There is an interesting intersection between Jane and
Stephen, and why I think they are so attracted to each other. Jane believes in
God, while Stephen is a committed atheist. They both understand life as a
mystery, but they cope with unknowing in opposite ways. Stephen is analytical,
scientific, a cosmic sleuth. He deals with the uncertainty of the world by writing
rules for it, and occasionally mocking it. Jane deals by reacting,
accommodating, worshipping. Stephen orders his world around himself. Jane
orders herself around her world.
These opposite personalities drive every point of the film. The
first third of the movie, the true love story, seems cold and a bit off. As I
was watching, I was confused by how awkward their first kiss was. How wrong it
felt that Stephen basically ordered Jane around and decided when they would
talk and how fast their relationship progressed, etc. And she just let him. But
now I think this slightly wonky origin story of their relationship is a careful
addition to the film. This old fashioned cliché of a romance is there to
establish Stephen’s character—which is not nice. Brilliant, but not
particularly compassionate. The audience must view Stephen as a developed
individual, so later when he is trapped behind an almost frozen face, we can
see him for the thinking, feeling, agent of his own will that he is. We must
know his personality so we see him as a person, not an object, which he so very
much resembles after his disease renders him immobile.
Jane’s trajectory, on the other hand, is opposite. Light and
dark, as Stephen’s father quotes in the film, yin and yang, they are constantly
at odds. Jane begins as an object, as a pretty thing that Stephen seems to look
at as a new toy to be acquired. She happily sustains this impression, allowing
Stephen to advance their relationship (or not, as he sees fit). That is, until
his illness. This is the first time Jane objects to anything Stephen decrees.

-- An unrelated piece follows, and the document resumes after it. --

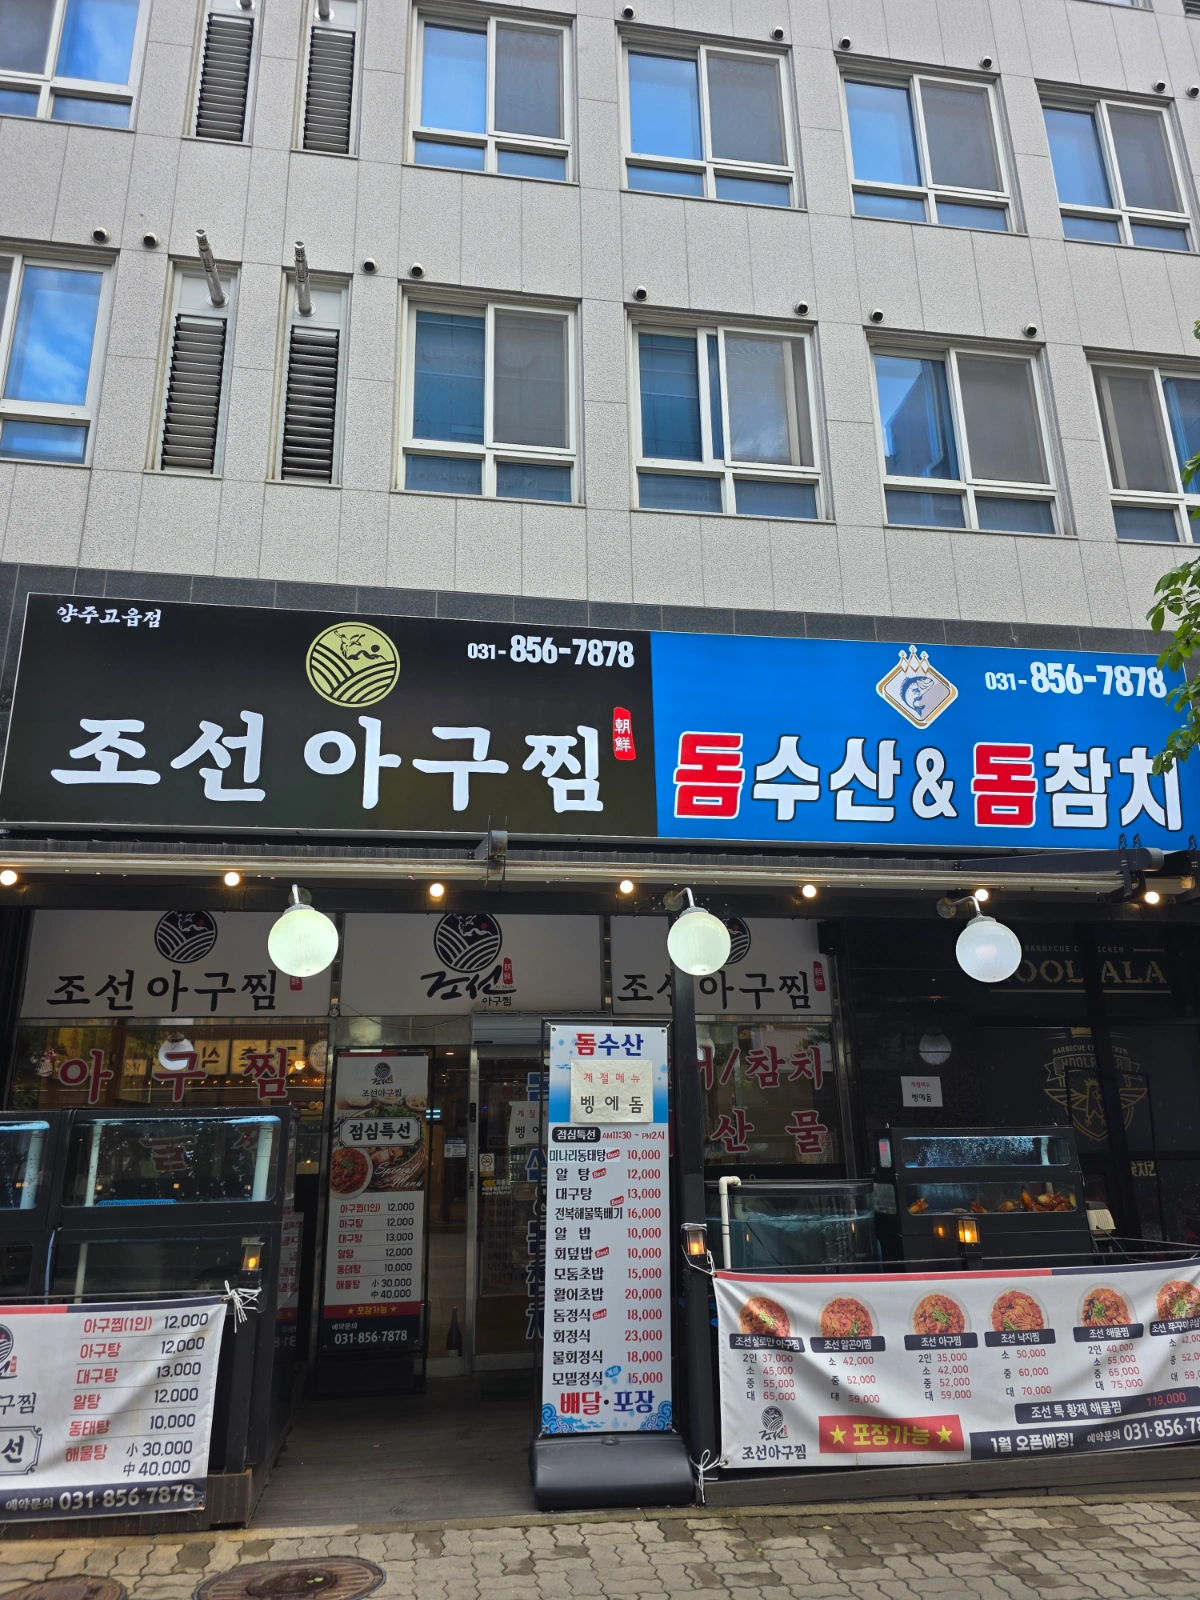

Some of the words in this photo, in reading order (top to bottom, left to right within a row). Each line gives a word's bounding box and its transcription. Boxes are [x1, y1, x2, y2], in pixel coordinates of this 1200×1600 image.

The first time she breaks any of his rules. He tells her to go, and she
refuses. He tells her to go again, and she tells him that if she does, she’ll
never come back again. She is no longer at his beck and call, there for him to
summon or banish. She is no longer an object to be owned or controlled. And
from there, as Stephen descends further and further into dependency, becoming
more and more object-like, less and less animate; Jane becomes powerful,
emotionally and physically strong, his and her own advocate. Where once he
dominated, she grows to carry them both.
Beneath the traditional inspiration fable, The Theory of
Everything is a commentary on the illusion of objectification. As women, as
disabled people (and as people of color, which are admittedly sorely lacking
here), we often feel acutely disenfranchised by our own community. But our
differences and our trials don’t have to silence us. Our fates are not bound by
stereotypes, prejudice, or pity. You don’t have to be controlled by the story
people tell about you. You can tell your own. Stephen Hawking was given two
years to live in 1963. He is still alive.

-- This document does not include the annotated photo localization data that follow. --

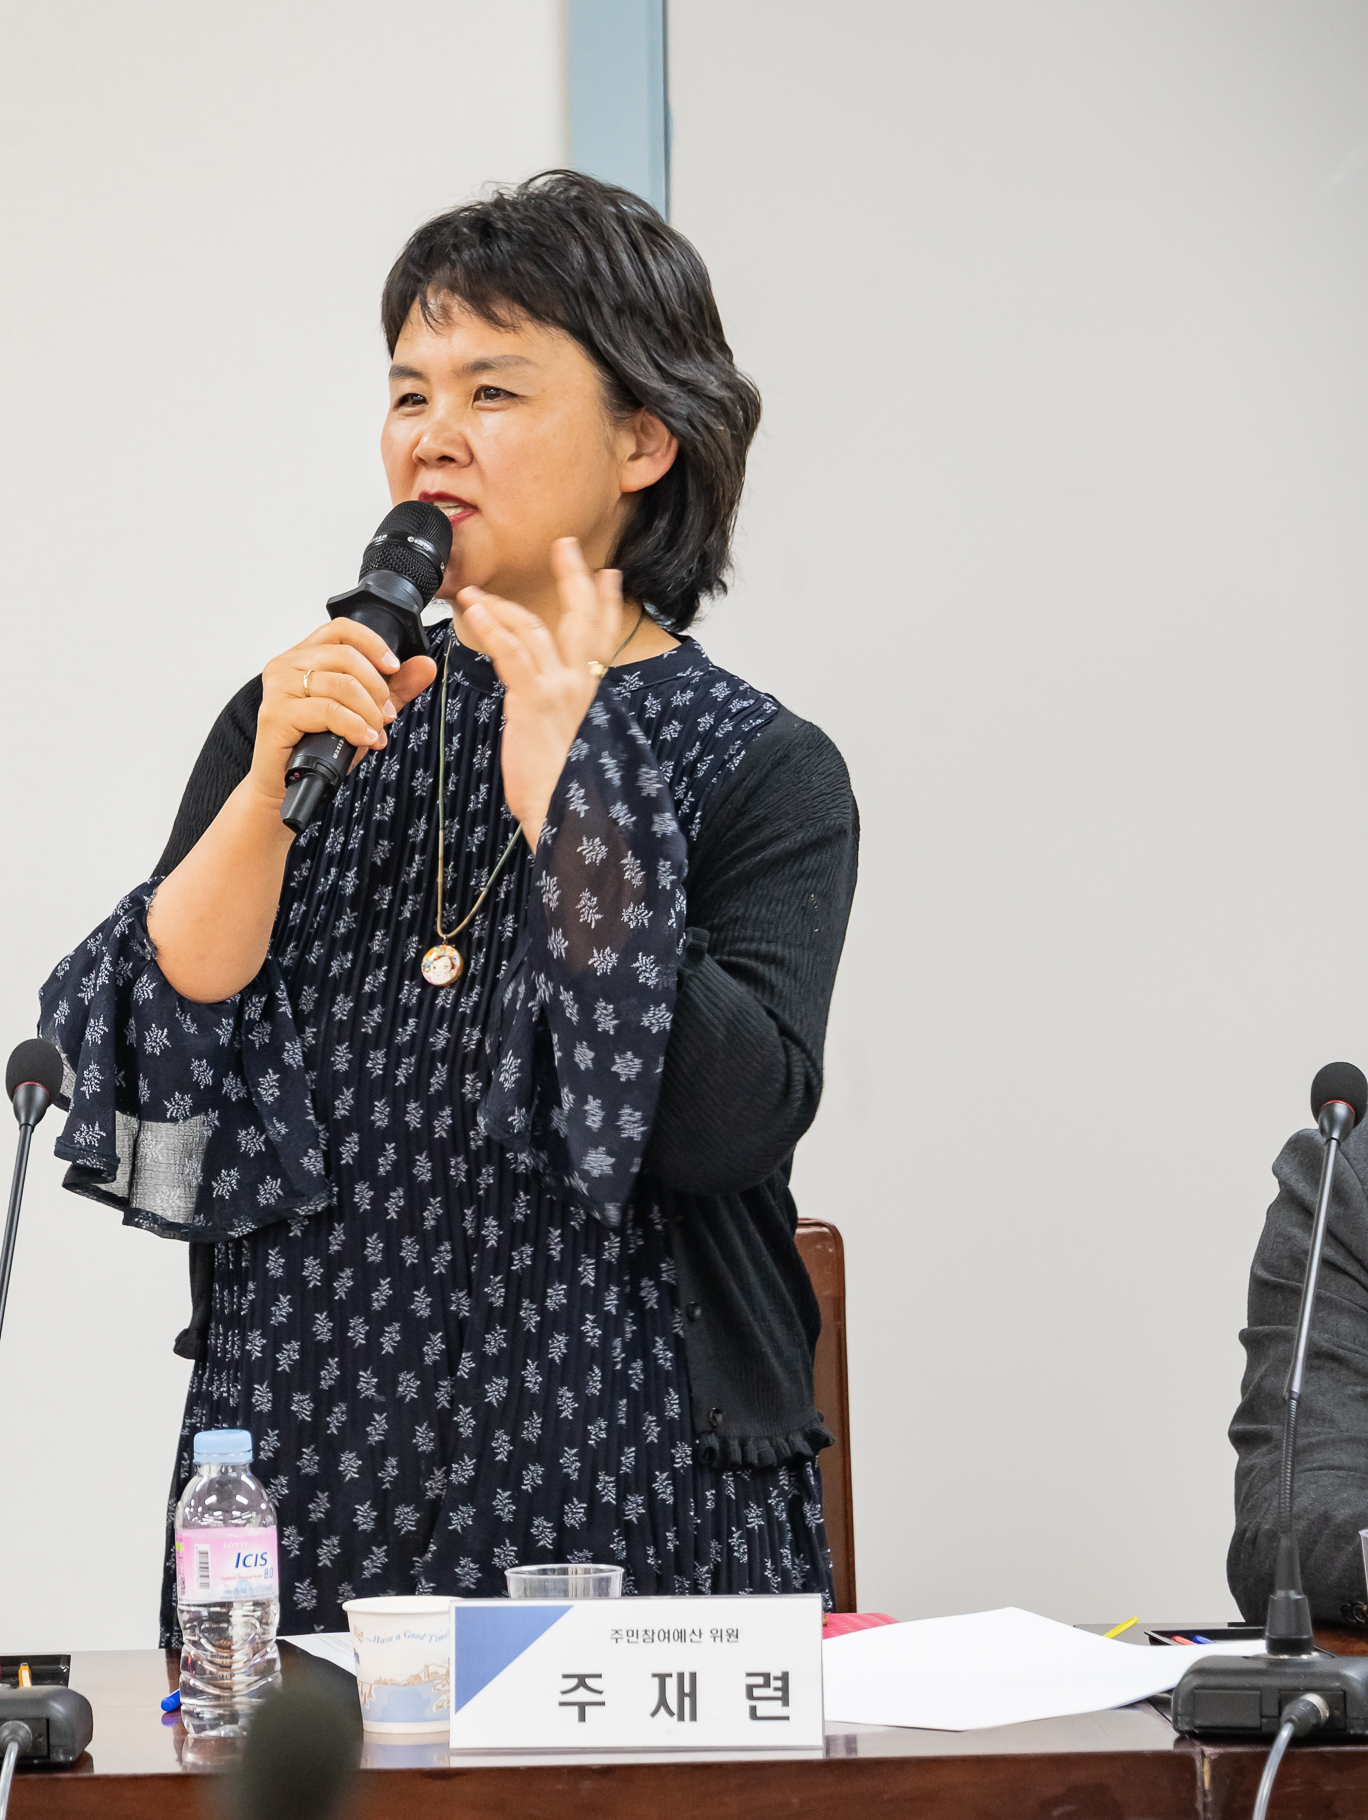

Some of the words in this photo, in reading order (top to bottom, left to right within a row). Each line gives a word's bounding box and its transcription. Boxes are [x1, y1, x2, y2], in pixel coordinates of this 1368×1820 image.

[235, 1551, 268, 1569] ICIS
[404, 1630, 426, 1641] Good
[610, 1628, 703, 1644] 주민참여예산
[710, 1628, 738, 1642] 위원
[558, 1674, 605, 1722] 주
[650, 1672, 697, 1722] 재
[746, 1671, 790, 1721] 련

What truly elevates The Theory of Everything above standard
Hollywood inspiration fare is it’s careful depiction of the plodding monotony
of resistance. This is also what makes it truly inspirational. It shows us the
grim work of surviving adversity, joys and tragedies and dead ends all
included. After the wild idealism of their courtship and marriage, Stephen and
Jane coped with his illness every single day. The fight was not over with one
bloody, fantastic, super human battle. The problem wasn’t solved with one difficult
and brave decision. Resistance is a series of tiny choices, small losses and
victories, a daily battle called living that wears you down like water dripping
onto a stone for a hundred years. And yet Stephen Hawking is still alive and pursuing
his life’s work. Here is a lesson for us, we who fight small battles a hundred
times a day: You don’t have to push boundaries so much as sustain the will to
keep your hand outstretched against them. Stereotypes, predictions, even
scientific theories are weak. They control us by convincing us that they are sacred.
Have the courage to reach out and just touch your walls. This is easier and
also harder than making one giant decision. Keep touching your boundaries, no
matter what happens. Eventually they will crumble like stone before water.